The future changes in water resources are essential for water resources management and agricultural production in the context of climate change. In this paper, by adopting five global models, the standardized precipitation evapotranspiration index (SPEI) was utilized to character the dry conditions during 2020–2099. The Mann-Kendall test with trend-free prewhitening (TFPW-MK) was used to detect the change trends of SPEI and drought characteristics were predicted at both national and regional scale. Results showed that there is a large difference in the frequency of dry and wet occurrences at different time scales.

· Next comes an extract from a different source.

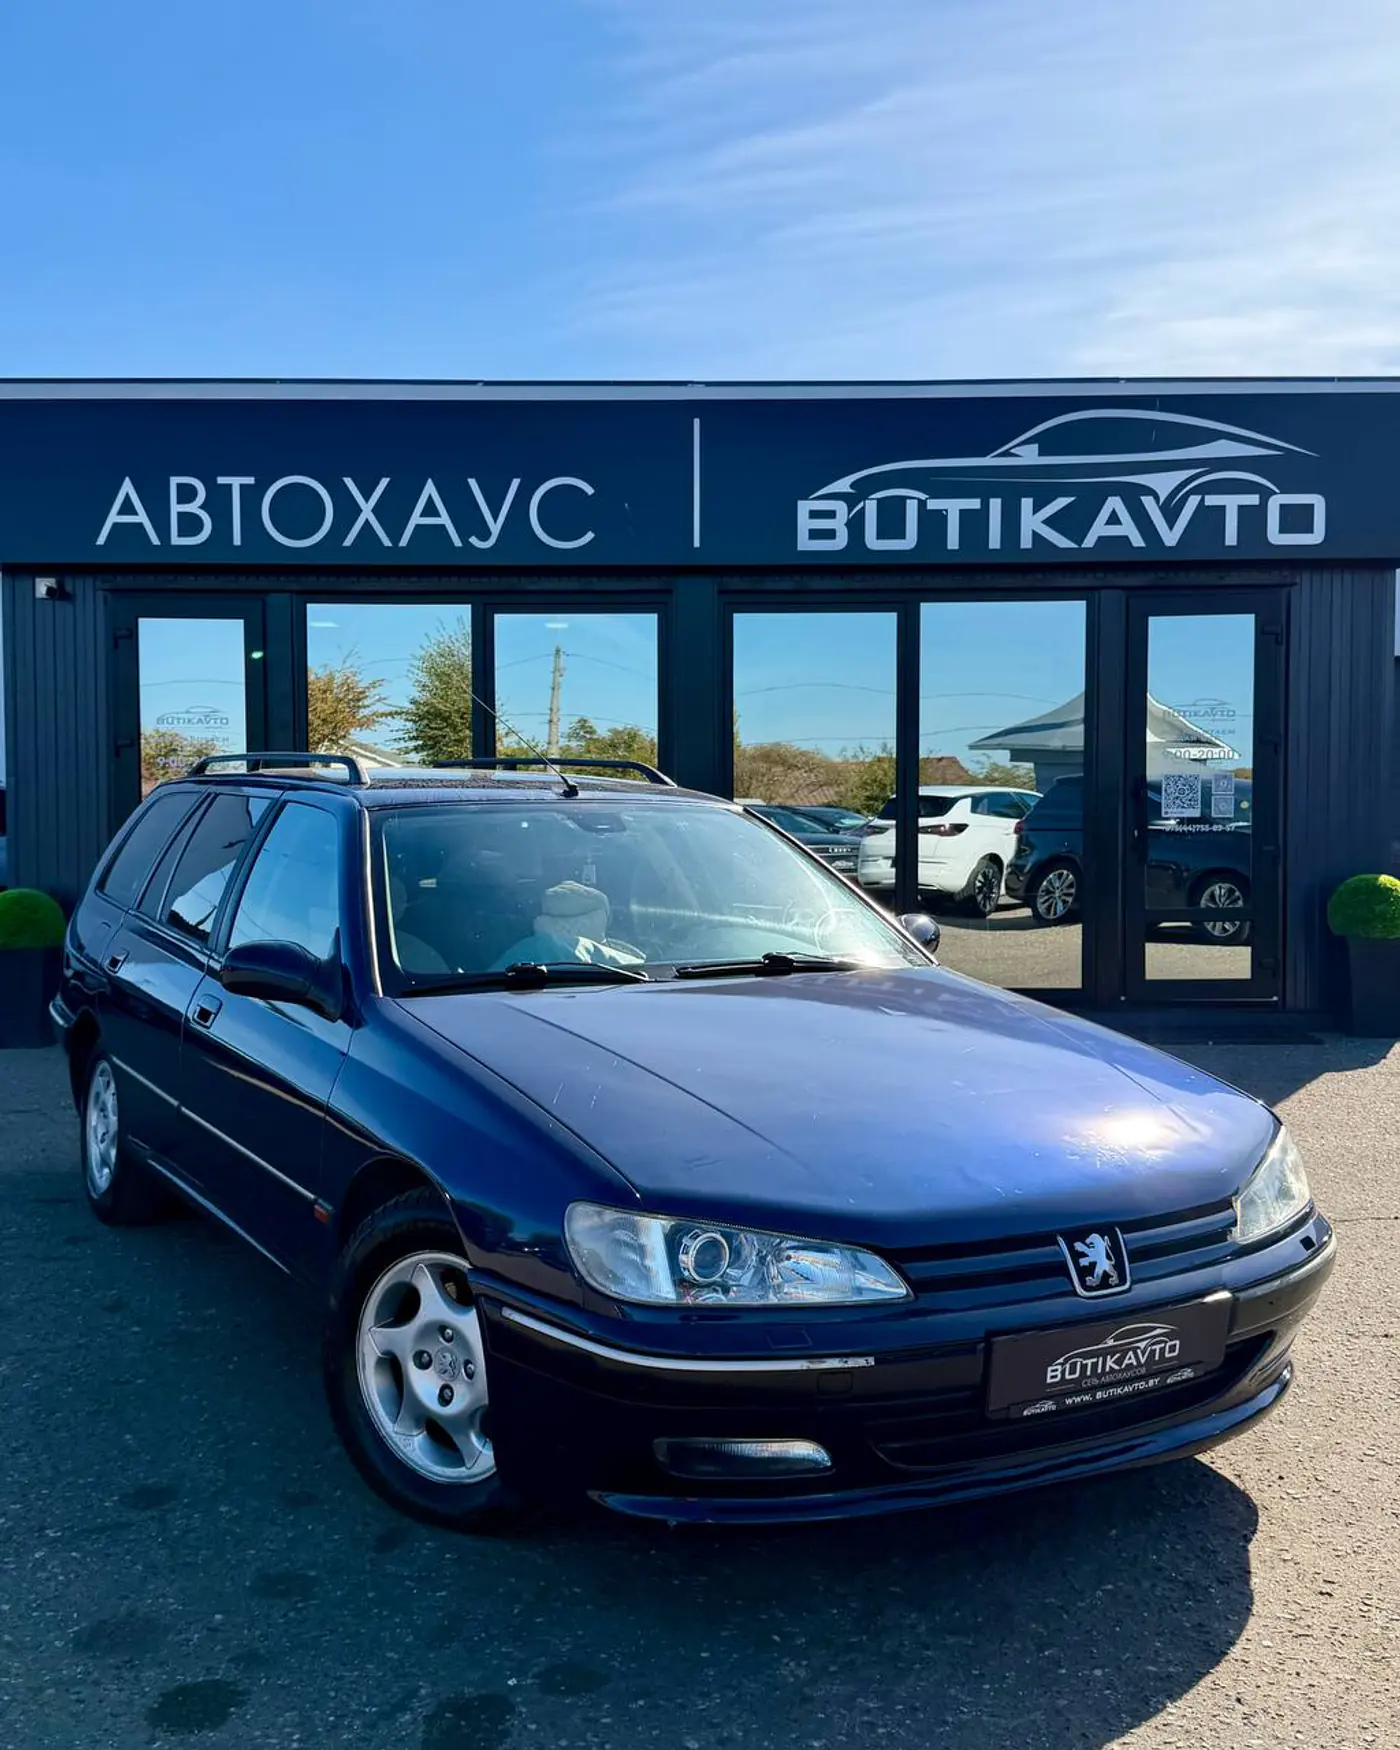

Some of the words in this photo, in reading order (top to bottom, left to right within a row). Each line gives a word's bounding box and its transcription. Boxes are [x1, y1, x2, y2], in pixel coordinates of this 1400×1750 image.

[96, 475, 596, 549] АВТОХАУС
[797, 492, 1326, 551] BUTIKAVTO
[1046, 1339, 1181, 1384] BUTIKAVTO

The 12-month SPEI has a stable alternate between dry and wet occurrences, and a long duration of drought, which better describe the annual changes of drought influencing the streamflow and reservoirs. It is obvious that the available water resources decrease over time under the RCP 8.5 scenario. The TFPW-MK test indicated that southwest China have an upward trend in SPEI, while northwest, northeast and southeast China shows a drying trend. From a national perspective, water resources are relatively abundant in the future under the RCP 4.5 scenario, which is beneficial in terms of utilization of future water resources. In the long term, the northwest and northeast China have longer duration and stronger intensity of drought than those in other areas. In a high level of radiative forcing, the available water resources decrease obviously, and thus the occurrences of dry event increases. In addition, the abnormal dry events mainly appear after 2070, principally in GXR and LPR. These results can provide reference for drought warning in agricultural production, and meanwhile is beneficial for allocation and rational utilization of water resources.

Suggested Citation

  • Jincai Zhao & Qianqian Liu & Heli Lu & Zheng Wang & Ke Zhang & Pan Wang, 2021. "Future droughts in China using the standardized precipitation evapotranspiration index (SPEI) under multi-spatial scales," Natural Hazards: Journal of the International Society for the Prevention and Mitigation of Natural Hazards, Springer;International Society for the Prevention and Mitigation of Natural Hazards, vol. 109(1), pages 615-636, October.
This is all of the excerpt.